D’autres rencontres fortes ponctuent ce voyage. Des chamans et des éleveurs. Nous pouvons confronter nos modes de vie. Les éleveurs vivent avec si peu de choses. La famille est au centre de l’équilibre. Le soutien, le respect, sont plus que des mots, le partage est la clé de leur structure. S’ils vivent à plusieurs dans des yourtes si petites, ce n’est pas uniquement parce qu’elles sont plus faciles à chauffer. C’est surtout parce que toute l’année, face à la rudesse des grands espaces, ils prennent plaisir à se retrouver comme des ours dans une grotte. Nous parlons beaucoup de la nécessité de nous rendre plus forts par des pratiques en extérieur et un meilleur contact avec la nature. Ici, aucun doute, les enfants sont bien plus naturellement immunisés que chez nous.

Le voyage continue son cours en alternant les rencontres avec les nomades au fil des étapes et les pratiques chamaniques. Pour terminer le séjour, nous réalisons une pratique d’offrande pour les esprits de l’eau. Chacun partage la veille des offrandes à partir de ses traditions. Multitradionnel de nature, je prépare des torma tibétaines et des offrandes celtiques. Le lendemain, nous créerons un rituel très puissant de nettoyage de nos ombres. J’allume un feu sacré auquel nous offrons le benjoin, le santal, la sauge et les encens des cinq continents.

Resteront dans mon esprit le feu et le partage des offrandes, l’image des chamans pénétrant le lac, chargés de leurs lourds costumes de peaux.

Il y a deux ans est sorti mon livre « Réveillez le chaman qui est en vous ». Une invitation à développer par nous-mêmes notre intuition, notre contact avec les éléments, notre immunité. Grand-Mère Ayengat tient à ce que Meg, notre interprète, traduise les chapitres de ce livre. Je lui confie mon approche qui s’inspire du bouddhisme tibétain, des arts martiaux, de la méditation et de différentes formes de chamanisme. Elle m’offre l’un de ses livres, écrit en trois mois dans une forme de transe. Un trésor.

À la fin du séjour, Grand-Mère et moi décidons de prolonger notre collaboration. Elle m’invite à la rejoindre et me propose de venir en France avec deux chamans en janvier. Nous évoquons également les différentes aides que nous pouvons établir, dont la création de ponts pour permettre aux nomades de traverser la rivière en des endroits précis. Nous décidons spontanément de créer une association en ce sens.

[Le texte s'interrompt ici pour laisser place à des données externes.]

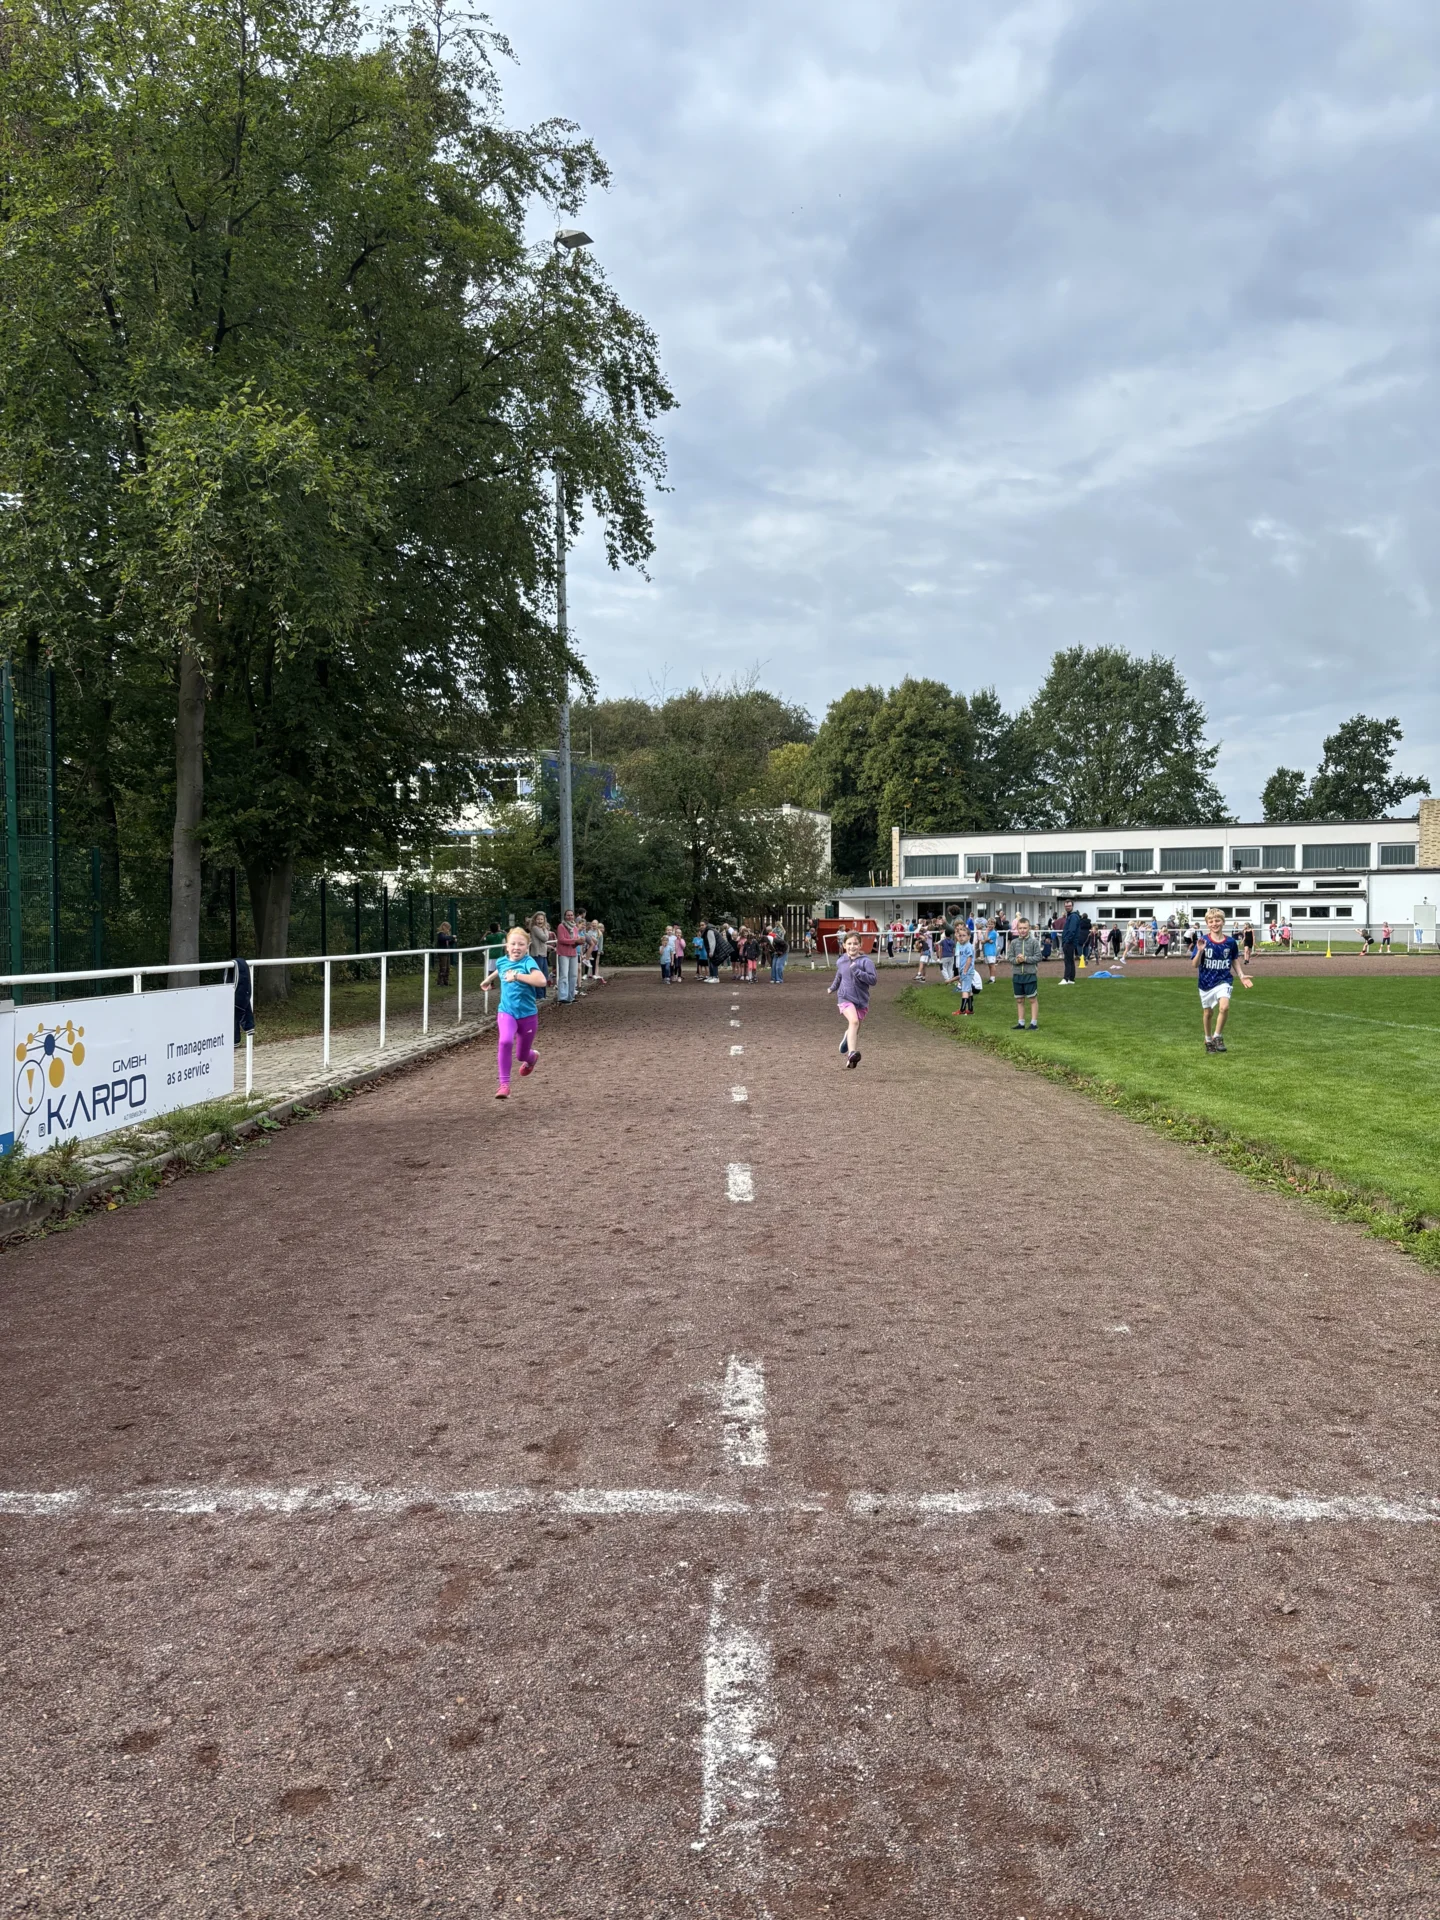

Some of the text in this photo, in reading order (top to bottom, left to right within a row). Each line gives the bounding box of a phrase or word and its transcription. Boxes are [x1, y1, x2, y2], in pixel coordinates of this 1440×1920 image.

[166, 1033, 225, 1060] IT management
[112, 1054, 147, 1073] GMBH
[166, 1061, 210, 1085] as a service
[47, 1074, 146, 1135] KARPO

Se rencontrer, échanger ses expériences, explorer. Je continue à œuvrer de toute ma force pour permettre à ces objectifs de voir le jour ; à faire en sorte que tombent les a priori que nous pouvons avoir sur la magie, le chamanisme, la spiritualité, la science, pour simplement apprendre à devenir des êtres mieux établis dans notre humanité, c’est-à-dire dans notre trinité.

Mieux établis dans notre corps physique.

Mieux établis dans un cœur ouvert.

Mieux établis dans un esprit relié au sacré de l’existence.

Je crois que c’est cette posture qui contribuera à l’équilibre dont nous avons tant besoin sur la terre.